Your task is to repeat the entries underneath exactly, minus the pictures.

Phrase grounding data
Content starts

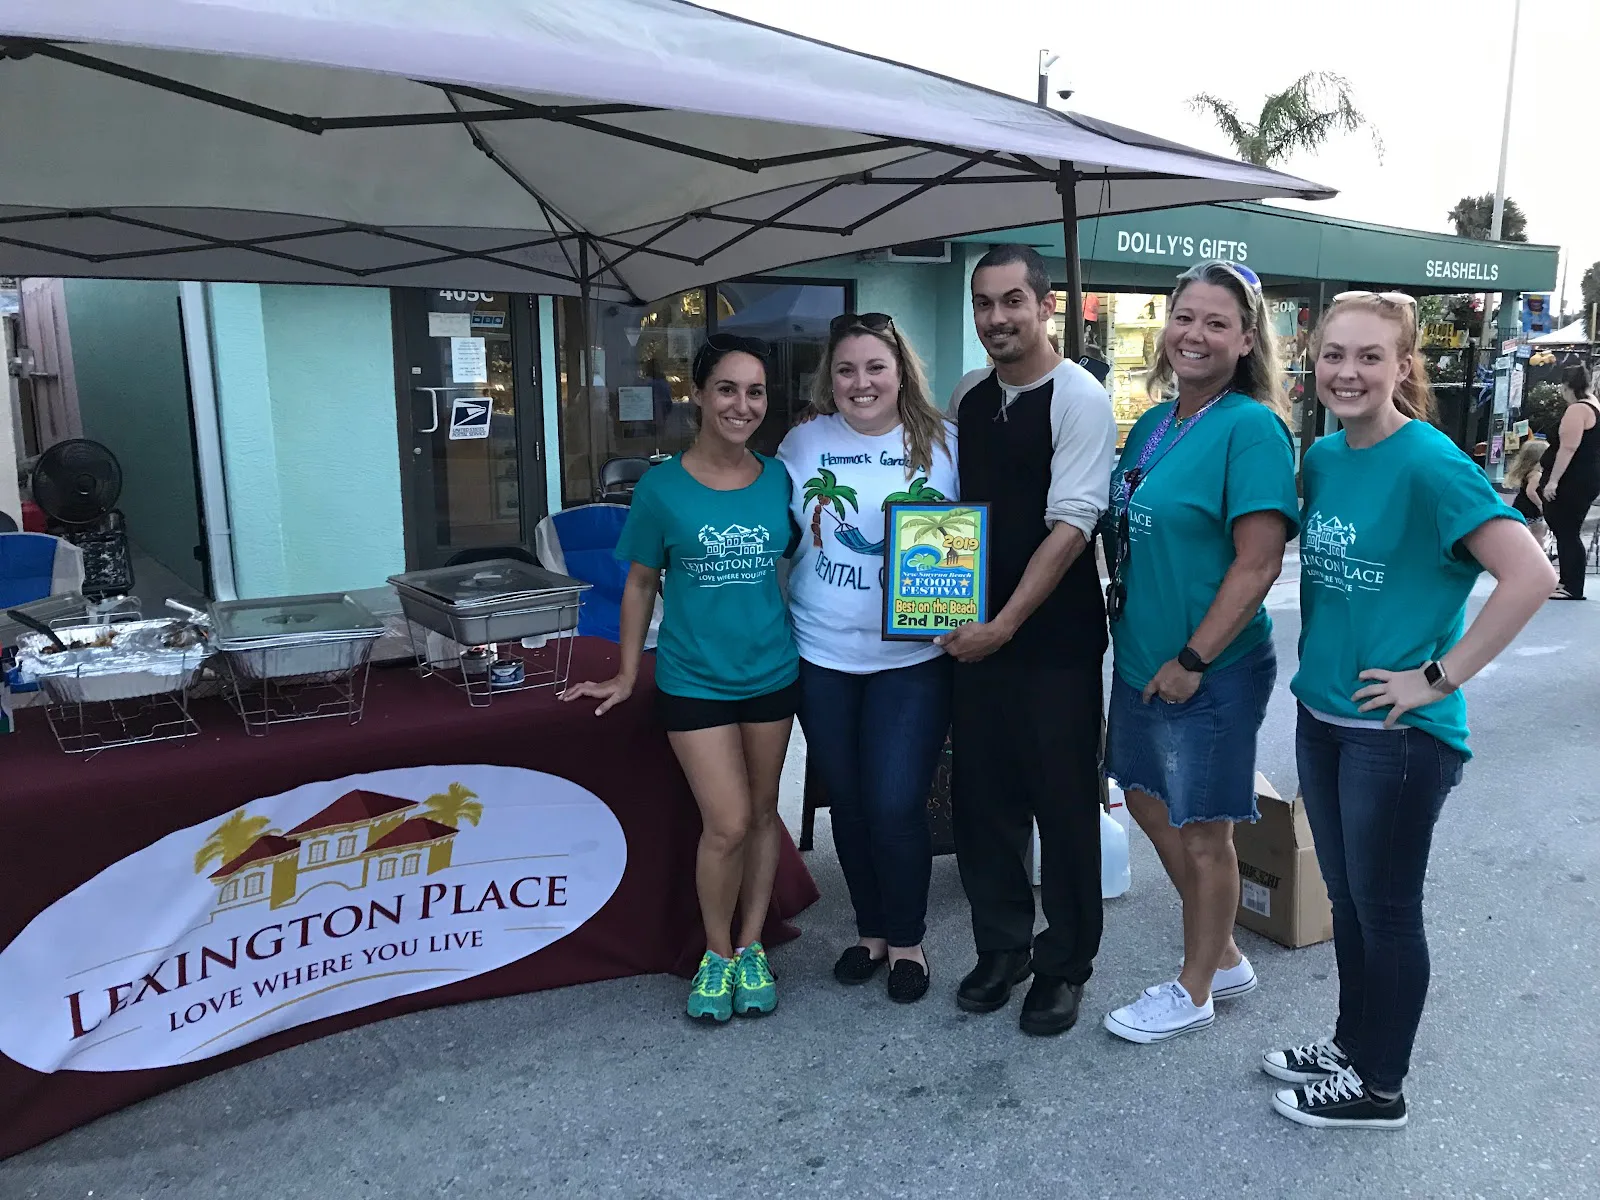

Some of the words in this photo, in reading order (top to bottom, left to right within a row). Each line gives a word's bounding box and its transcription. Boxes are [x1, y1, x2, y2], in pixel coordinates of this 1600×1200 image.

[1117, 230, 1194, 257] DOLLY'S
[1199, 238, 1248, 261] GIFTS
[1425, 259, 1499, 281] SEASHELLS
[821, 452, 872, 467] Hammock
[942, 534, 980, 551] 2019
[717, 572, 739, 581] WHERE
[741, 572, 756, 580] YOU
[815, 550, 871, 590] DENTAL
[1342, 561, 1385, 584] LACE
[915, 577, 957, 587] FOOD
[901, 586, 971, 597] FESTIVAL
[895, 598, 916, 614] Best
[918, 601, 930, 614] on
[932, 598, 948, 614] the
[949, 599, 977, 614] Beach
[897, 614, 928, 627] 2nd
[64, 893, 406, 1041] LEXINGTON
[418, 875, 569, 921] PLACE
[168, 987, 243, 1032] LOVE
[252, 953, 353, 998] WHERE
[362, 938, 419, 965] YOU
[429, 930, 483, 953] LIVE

Content ends

Worked solution
Some of the words in this photo, in reading order (top to bottom, left to right within a row). Each line gives a word's bounding box and its transcription. Boxes are [x1, y1, x2, y2], in pixel coordinates of this 1600×1200 image.

[1117, 230, 1194, 257] DOLLY'S
[1199, 238, 1248, 261] GIFTS
[1425, 259, 1499, 281] SEASHELLS
[821, 452, 872, 467] Hammock
[942, 534, 980, 551] 2019
[717, 572, 739, 581] WHERE
[741, 572, 756, 580] YOU
[815, 550, 871, 590] DENTAL
[1342, 561, 1385, 584] LACE
[915, 577, 957, 587] FOOD
[901, 586, 971, 597] FESTIVAL
[895, 598, 916, 614] Best
[918, 601, 930, 614] on
[932, 598, 948, 614] the
[949, 599, 977, 614] Beach
[897, 614, 928, 627] 2nd
[64, 893, 406, 1041] LEXINGTON
[418, 875, 569, 921] PLACE
[168, 987, 243, 1032] LOVE
[252, 953, 353, 998] WHERE
[362, 938, 419, 965] YOU
[429, 930, 483, 953] LIVE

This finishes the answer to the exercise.